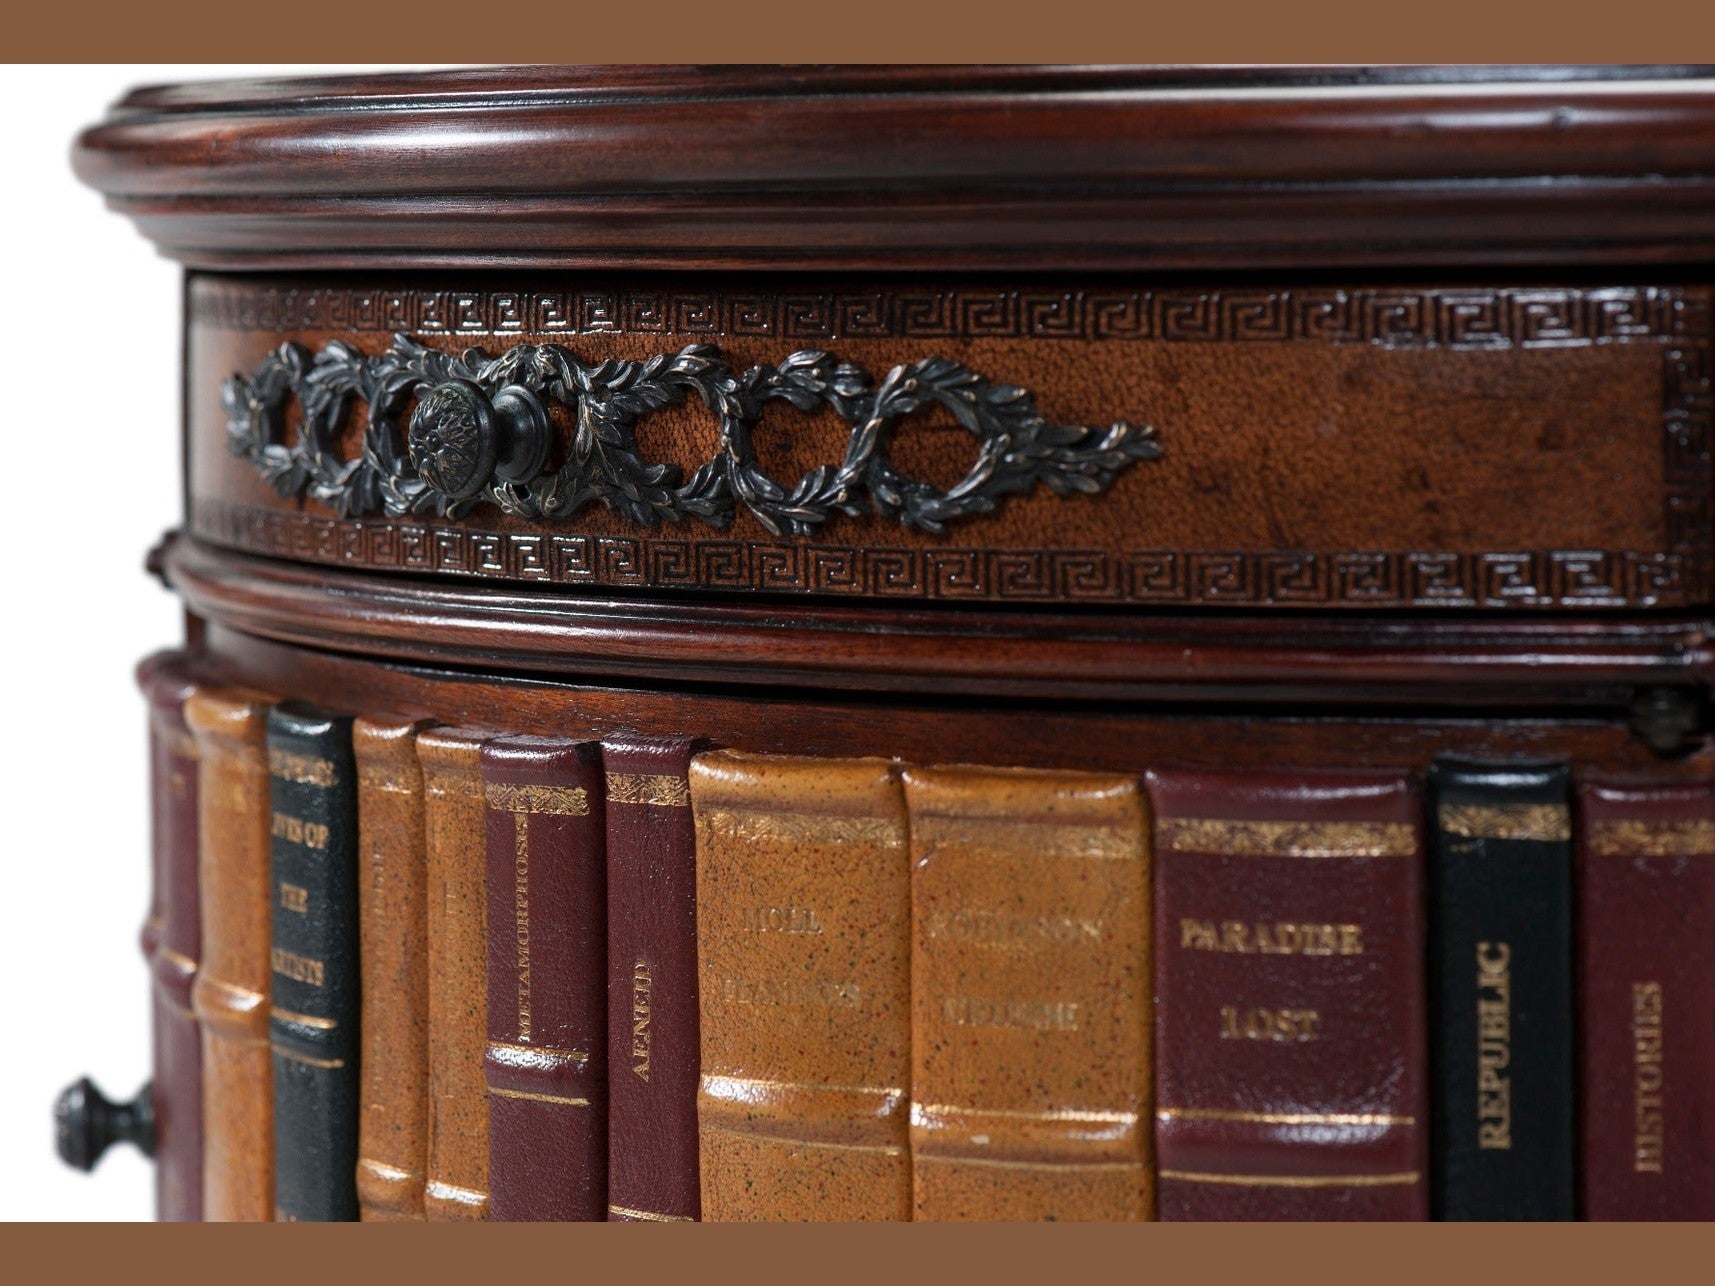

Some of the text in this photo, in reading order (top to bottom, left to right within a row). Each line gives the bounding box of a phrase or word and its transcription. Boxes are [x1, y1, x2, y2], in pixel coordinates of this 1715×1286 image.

[1178, 917, 1365, 956] PARADISE
[632, 958, 652, 1083] AENEID
[1218, 1005, 1321, 1042] LOST
[1475, 940, 1512, 1151] REPUBLIC
[1631, 981, 1664, 1174] HISTORIES
───
• _EXERCISE_
Repeat each line of the material exactly, please, and skip every picture.

• _OUTPUT BELOW_
Some of the text in this photo, in reading order (top to bottom, left to right within a row). Each line gives the bounding box of a phrase or word and its transcription. Boxes are [x1, y1, x2, y2], in pixel coordinates of this 1715×1286 image.

[1178, 917, 1365, 956] PARADISE
[632, 958, 652, 1083] AENEID
[1218, 1005, 1321, 1042] LOST
[1475, 940, 1512, 1151] REPUBLIC
[1631, 981, 1664, 1174] HISTORIES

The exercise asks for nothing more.